▼

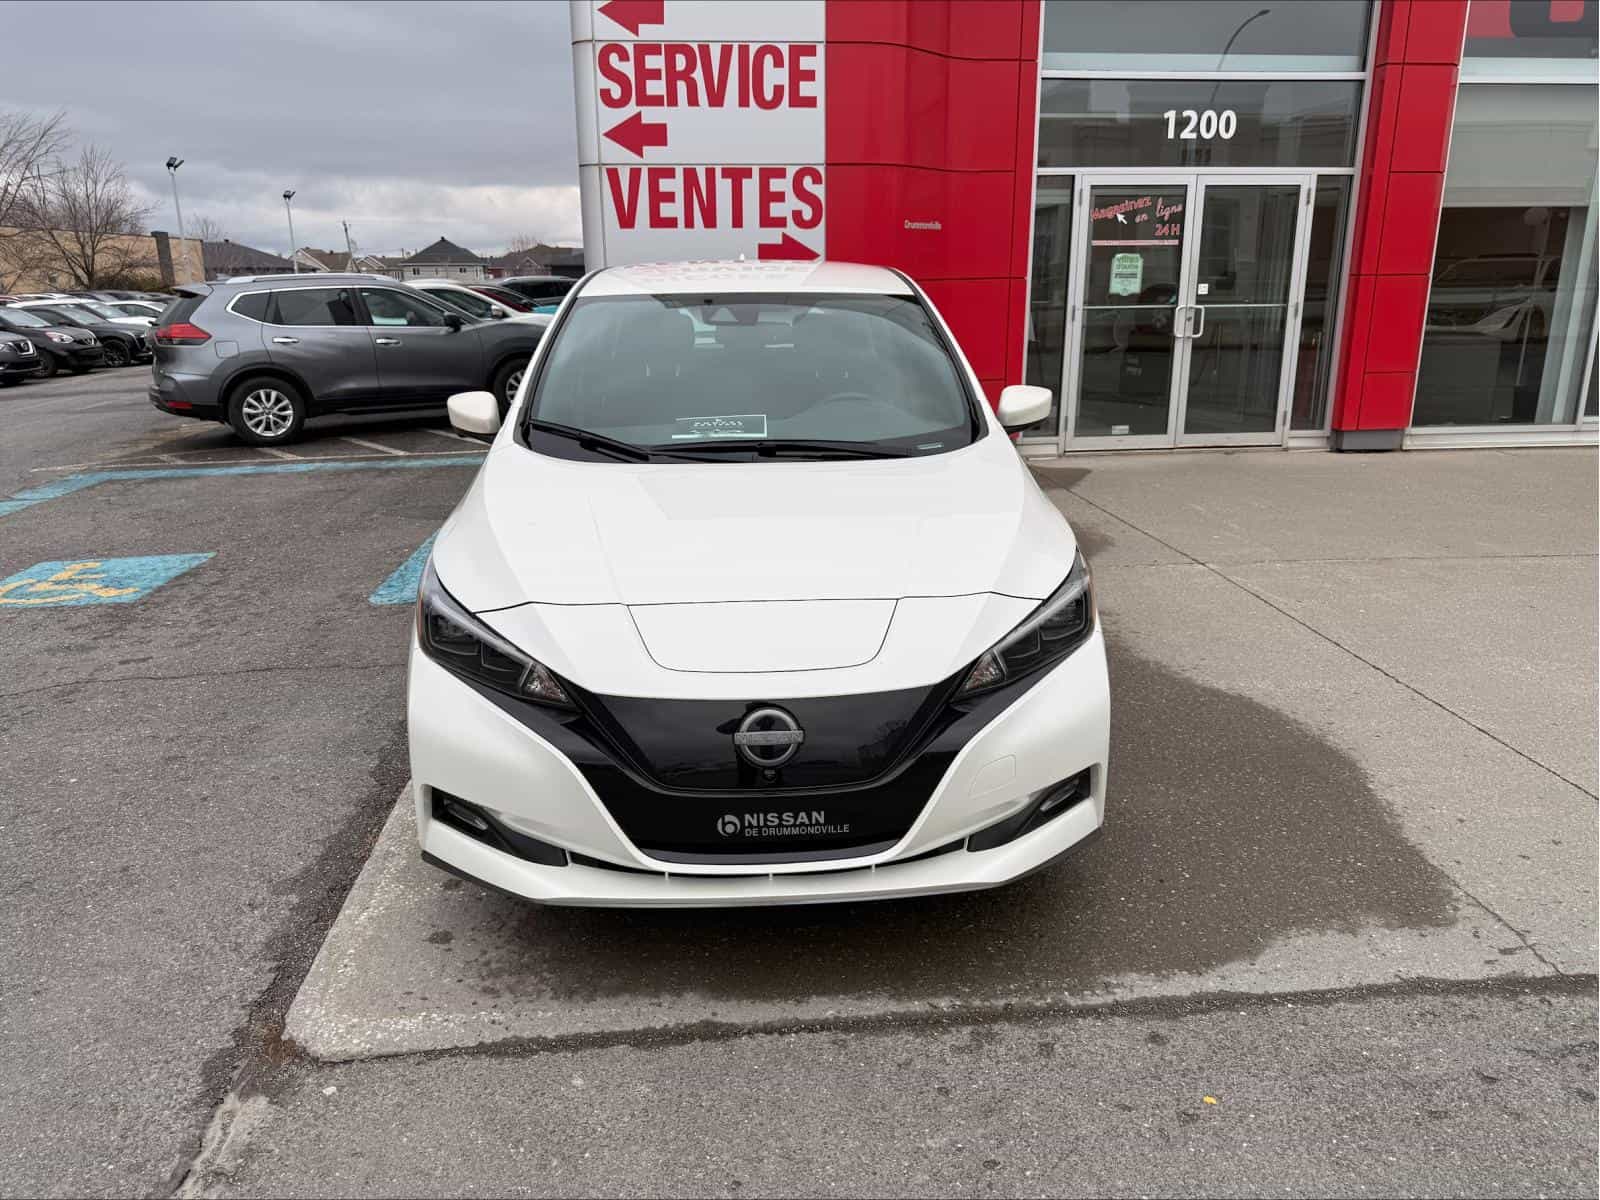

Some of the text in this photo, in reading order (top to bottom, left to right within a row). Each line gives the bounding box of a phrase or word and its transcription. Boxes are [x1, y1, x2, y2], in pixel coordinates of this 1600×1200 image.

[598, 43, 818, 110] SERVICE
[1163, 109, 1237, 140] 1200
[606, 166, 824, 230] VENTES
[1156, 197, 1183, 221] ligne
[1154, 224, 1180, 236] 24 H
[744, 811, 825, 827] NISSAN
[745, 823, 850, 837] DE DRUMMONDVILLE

▲

Assignment:
Copy the records exactly as they appear, leaving every picture out.

The completed task:
Some of the text in this photo, in reading order (top to bottom, left to right within a row). Each line gives the bounding box of a phrase or word and its transcription. Boxes are [x1, y1, x2, y2], in pixel coordinates of this 1600×1200 image.

[598, 43, 818, 110] SERVICE
[1163, 109, 1237, 140] 1200
[606, 166, 824, 230] VENTES
[1156, 197, 1183, 221] ligne
[1154, 224, 1180, 236] 24 H
[744, 811, 825, 827] NISSAN
[745, 823, 850, 837] DE DRUMMONDVILLE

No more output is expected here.